An index to all the articles on Rough and Rowdy Ways published on Untold Dylan can be found here.

5 Comments

  1. Seems Rosemary sacrifices herself on the gallows for Lily in Dylan’s “Lily, Rosemary, And The Jack Of Hearts,”

  2. This is a beautiful, thoughtful and surprising article. Chapeau. Dickens’ influence, or appropriations, or at least any kinship, is an underexposed quantity in Dylanology, and any attempt to exploit that terrain deserves admiration.

    The extent to which John’s shot here is on target, is – obviously – debatable. For one, the starting point, “However, the song takes its initial stanza not from the pages of the American Songbook, nor from traditional lyrics of love, nor even this nation’s history,” might be less true than the firm tone suggests. “I’ve made up my mind” is the opening line of “I Can’t Stop Loving You”, for example – hardly an insignificant tune in pop history.
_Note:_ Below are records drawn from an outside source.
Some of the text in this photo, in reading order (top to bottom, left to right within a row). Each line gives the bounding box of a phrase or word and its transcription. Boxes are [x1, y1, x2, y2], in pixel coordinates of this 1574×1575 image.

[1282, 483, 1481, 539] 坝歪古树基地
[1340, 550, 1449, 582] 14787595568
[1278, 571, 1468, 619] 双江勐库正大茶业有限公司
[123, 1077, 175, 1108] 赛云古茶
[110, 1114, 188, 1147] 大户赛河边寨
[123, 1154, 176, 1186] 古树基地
The refrain line thereof (“So I’ll just live my life of dreams of yesterday”) could just as well be the motto of Rough And Rowdy Ways, the fragment “time has stood still since we’ve been apart” echoes in “You’re A Big Girl Now”, and there are probably still some more lines to be drawn from this particular song to Dylan’s oeuvre.

    The opening lines of Dylan’s song (“I’m sitting on my terrace, lost in the stars/ Listening to the sounds of the sad guitars”), seem to borrow from a completely different source, seem to be a paraphrase of, or could be an allusion to a verse from a Heinrich Heine poem (“Neben mir wohnt Don Henriquez”):

    But in quiet hours of evening
    He will sit at home apart,
    His guitar between his fingers,
    And sweet dreams within his heart

    Unlikely, but still. Something similar applies to the other verse lines. “The first fall of snow” is a Hank Williams song, for example, “the come and go of flowers” can be found find in a Frederick Douglas Harper poem (“To Have”, 1985), in short: it might be a bit bold to assume that word choice and theme should be traced back to Dickens.

    Nevertheless, Bob Dylan’s Allusions to A Tale of Two Cities in “I Made Up My Mind to Give Myself to You” is a very inspiring, fresh and original take on a Dylan song – the possibility of an artistic kinship of Dylan and Dickens is in any case an intriguing approach!

  3. Dylan likes to mix his allusions:

    On the wings of a snow-white dove
    He sends his pure sweet love
    (Ferlin Husky: On The Wings Of A Dove ~ R. Ferguson)

    I’m a travelling man and I make lots of stops
    All over the world
    (Ricky Nelson: Travelling Man ~ J. Fuller)

    But she went to heaven, just one year ago
    The angels came after her, at the first fall of snow
    (Molly O’Day: At The First Fall Of Snow ~ L. Rose)

  4. I think this article needs a quotation from or citation to Dickens’ book to support the contention that the opening stanza is derived from “a satirical chapter” in it.